ERP & Business Automation

Vertical ERP systems for inventory, pricing, purchasing, and operations management tailored to specific industries and business models.

Last reviewed: January 10, 2025

I build ERP modules and business automation systems tailored to specific industries, focusing on inventory management, pricing logic, purchasing workflows, and operational coordination.

Experience

I’ve designed ERP systems for automotive parts distribution (PartFly), parapharmacy operations (Parazone), and multi-location retail management. The consistent pattern is that generic ERP systems fail at the domain-specific logic.

For automotive parts, the challenge isn’t storing inventory—it’s cross-referencing parts across manufacturers, handling VIN-based lookups, and managing the importer-distributor-mechanic relationship. For parapharmacies, it’s expiration batch tracking, prescription validation, and regulatory reporting.

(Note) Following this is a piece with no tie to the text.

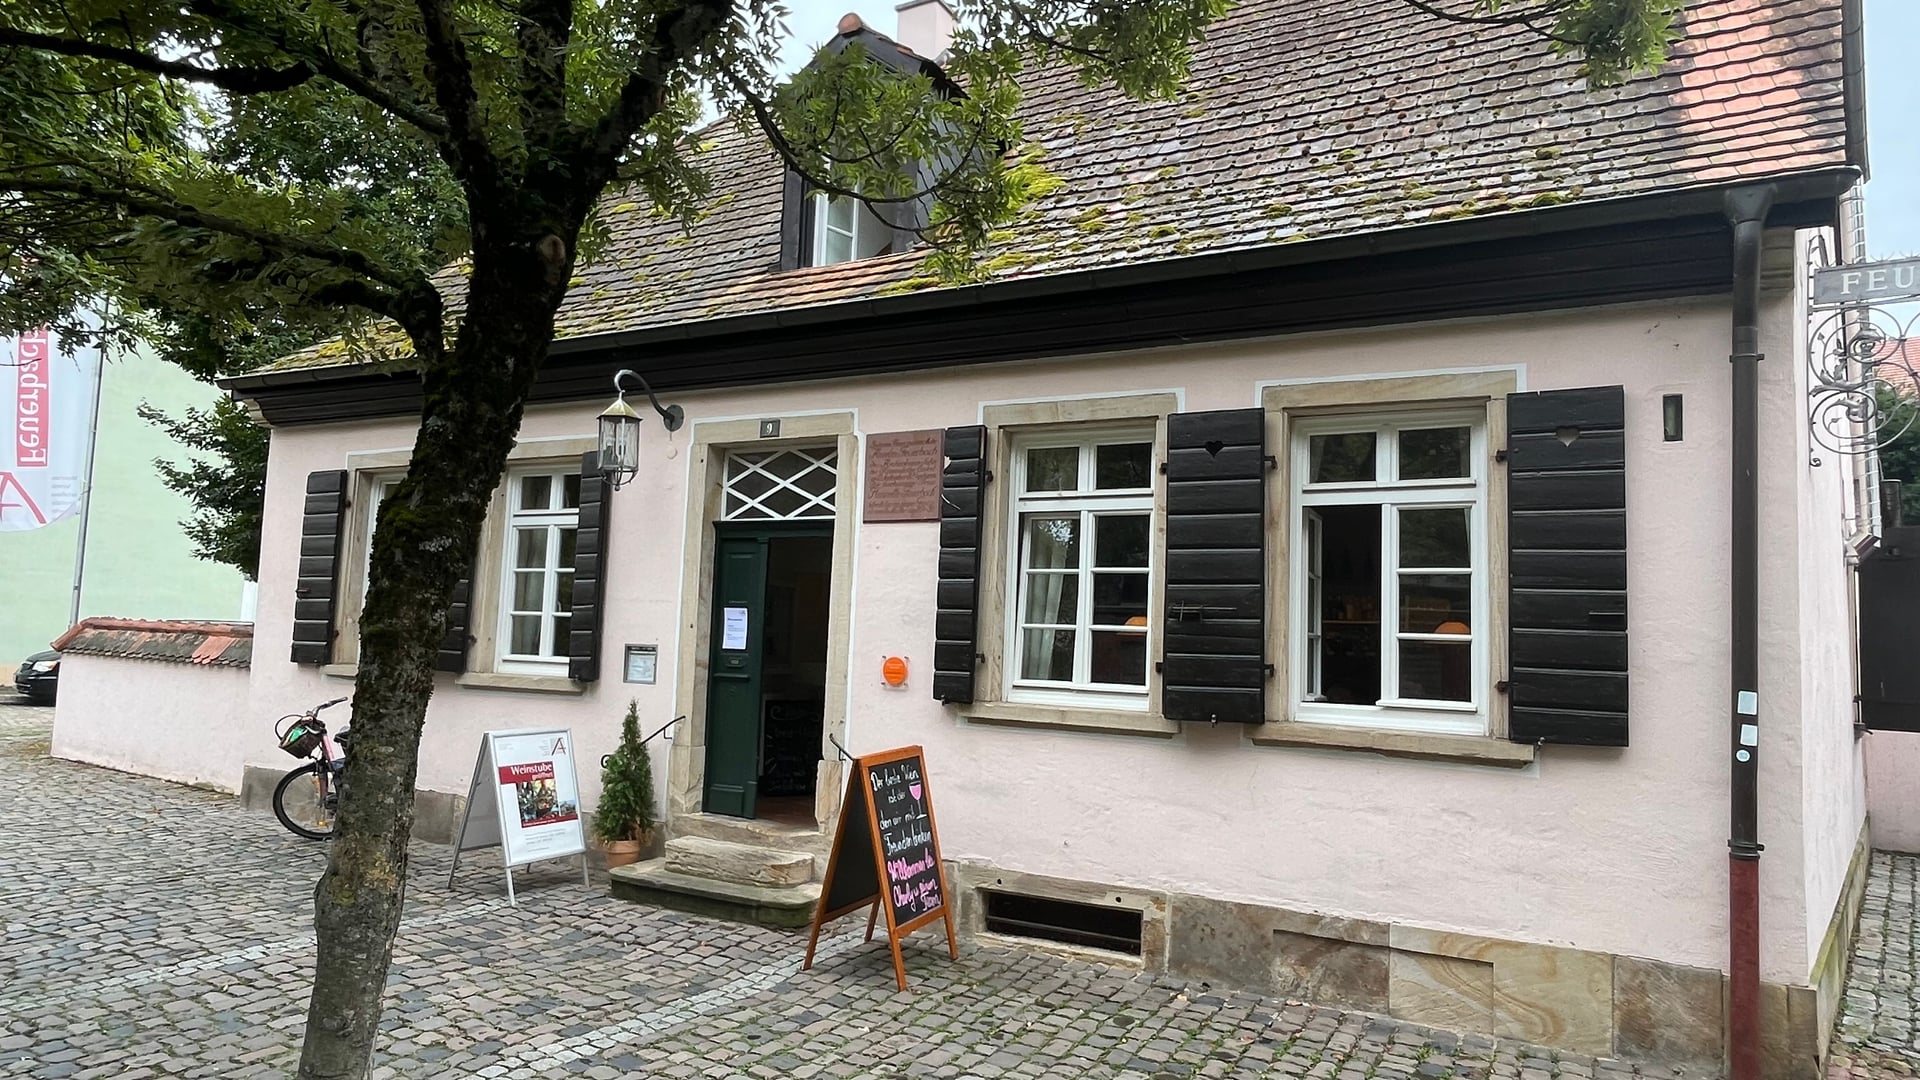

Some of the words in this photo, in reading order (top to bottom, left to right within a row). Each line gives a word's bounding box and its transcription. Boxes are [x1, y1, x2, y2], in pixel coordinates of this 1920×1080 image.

What usually matters is not the feature set, but how well the system encodes the actual business rules that determine who can do what, when.

Vertical-Specific Logic

Generic ERP systems rarely fit specialized industries well. I design systems that reflect actual business processes in sectors like parapharmacies, automotive parts, and hospitality.

The constraint: you can’t build “configurable” systems that work for everyone. Configuration becomes its own complexity layer. It’s more maintainable to build purpose-specific logic than to maintain a configuration engine that tries to be universal.

Inventory Management

Inventory systems must handle product categorization, stock levels, expiration tracking (for health and food products), and multi-location coordination. I build inventory modules that reflect real operational complexity.

In practice, the main issue is data quality. Products arrive with inconsistent naming, incomplete specifications, and supplier-specific identifiers. The system needs to handle this messiness, not assume clean data. Product matching and deduplication are harder than storage.

Pricing & Purchasing

Dynamic pricing, supplier management, purchase order workflows, and cost tracking require systems that connect purchasing decisions to inventory levels and sales data.

The trade-off: real-time pricing versus stable operational workflows. If pricing updates too frequently, it creates reconciliation problems. If it updates too slowly, margins suffer. You need versioning and audit trails, which adds complexity.

Multi-Actor Systems

Some industries involve multiple actors (importers, distributors, retailers, service providers). I design systems that coordinate these relationships while respecting each party’s operational independence.

What doesn’t work: trying to enforce centralized control in a naturally distributed system. An importer can’t dictate retailer workflows. A distributor can’t force mechanics to use specific pricing. The system needs to coordinate without controlling.

Integration Patterns

ERP systems need to integrate with POS, payment providers, accounting software, and external APIs. I design integration patterns that are maintainable and handle real-world data inconsistencies.

The main constraint is not the API itself—it’s handling schema changes, downtime, and data inconsistencies across systems that were never designed to talk to each other. Integration is ongoing reconciliation, not one-time setup.